EXERCISE AIM: Repeat each record exactly as written, and drop any images.

DATA RECORDS:

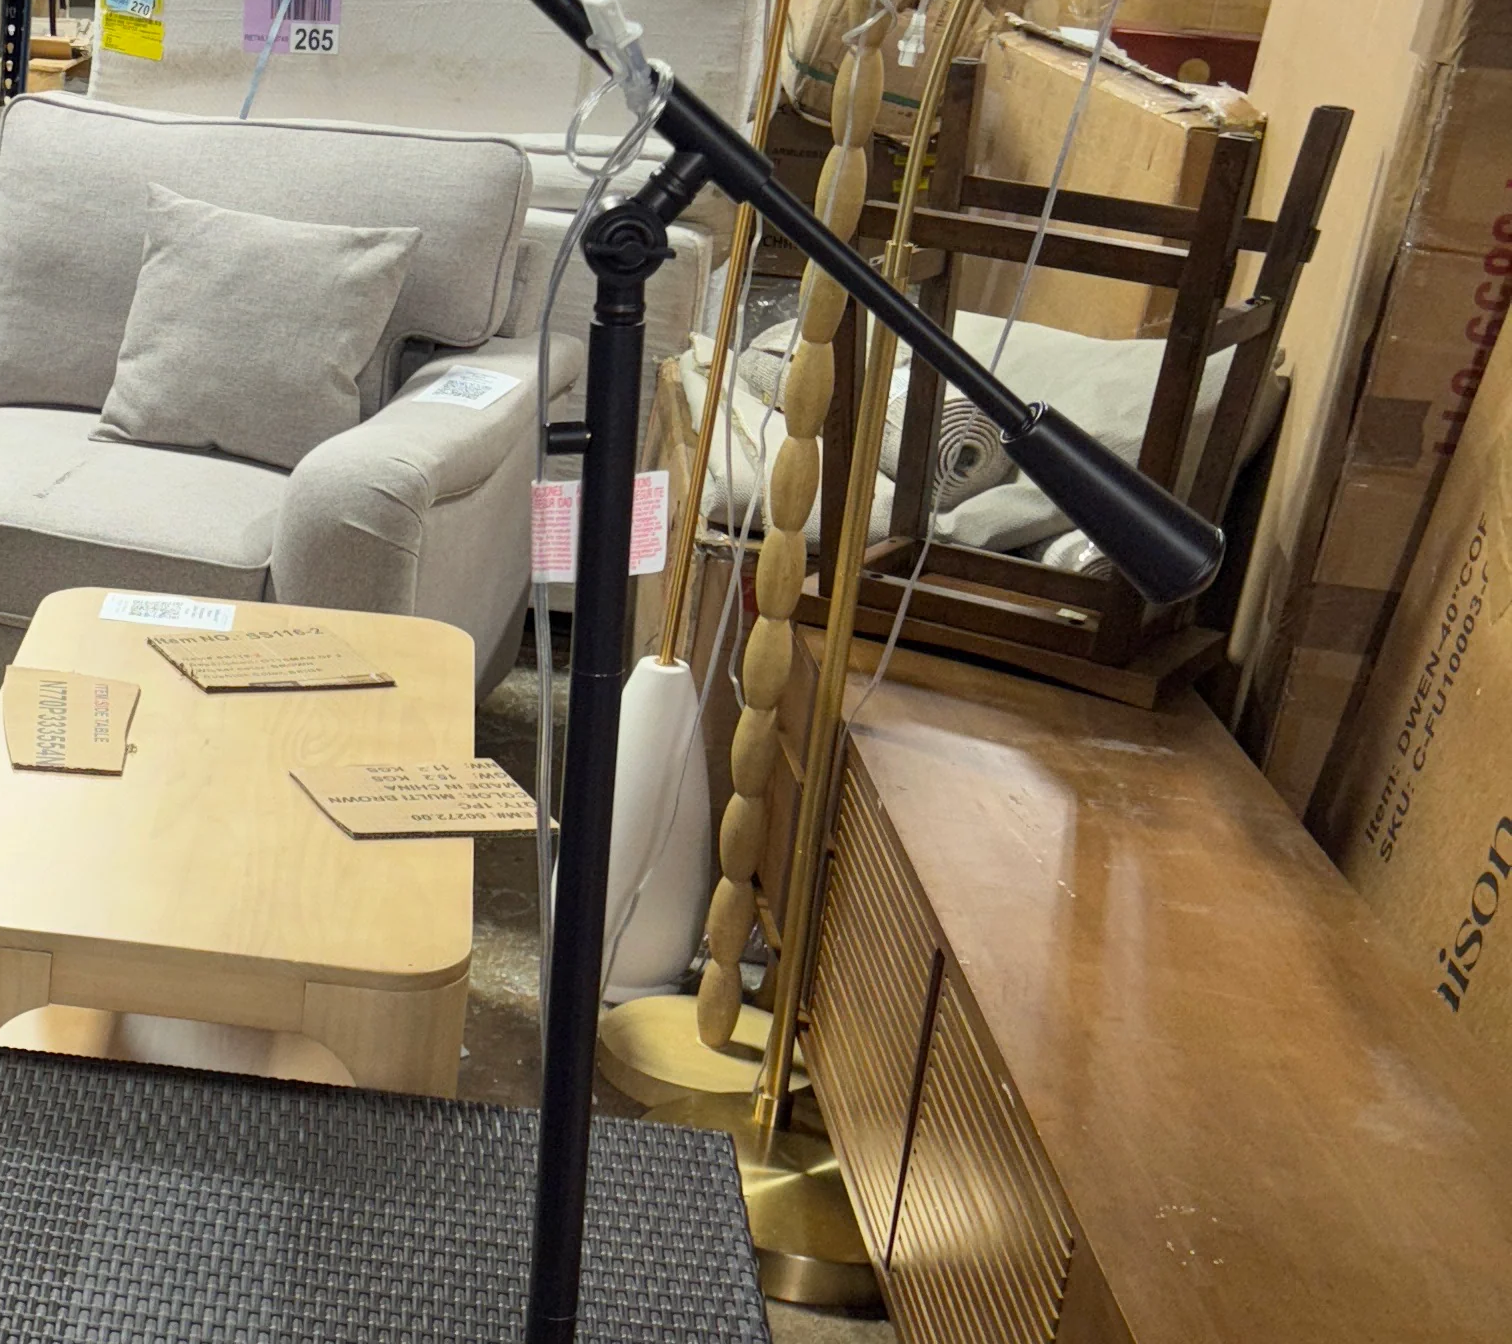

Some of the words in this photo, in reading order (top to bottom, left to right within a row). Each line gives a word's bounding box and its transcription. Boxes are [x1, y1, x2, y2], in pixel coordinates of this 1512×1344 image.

[130, 0, 151, 17] 270
[294, 28, 335, 52] 265
[157, 634, 198, 647] Item
[94, 718, 110, 743] TABLE
[384, 783, 439, 791] CHINA
[404, 793, 455, 801] MULTI
[1364, 763, 1400, 844] Item:
[1380, 780, 1415, 864] SKU:

SOLUTION TO THIS EXERCISE:
Some of the words in this photo, in reading order (top to bottom, left to right within a row). Each line gives a word's bounding box and its transcription. Boxes are [x1, y1, x2, y2], in pixel coordinates of this 1512×1344 image.

[130, 0, 151, 17] 270
[294, 28, 335, 52] 265
[157, 634, 198, 647] Item
[94, 718, 110, 743] TABLE
[384, 783, 439, 791] CHINA
[404, 793, 455, 801] MULTI
[1364, 763, 1400, 844] Item:
[1380, 780, 1415, 864] SKU:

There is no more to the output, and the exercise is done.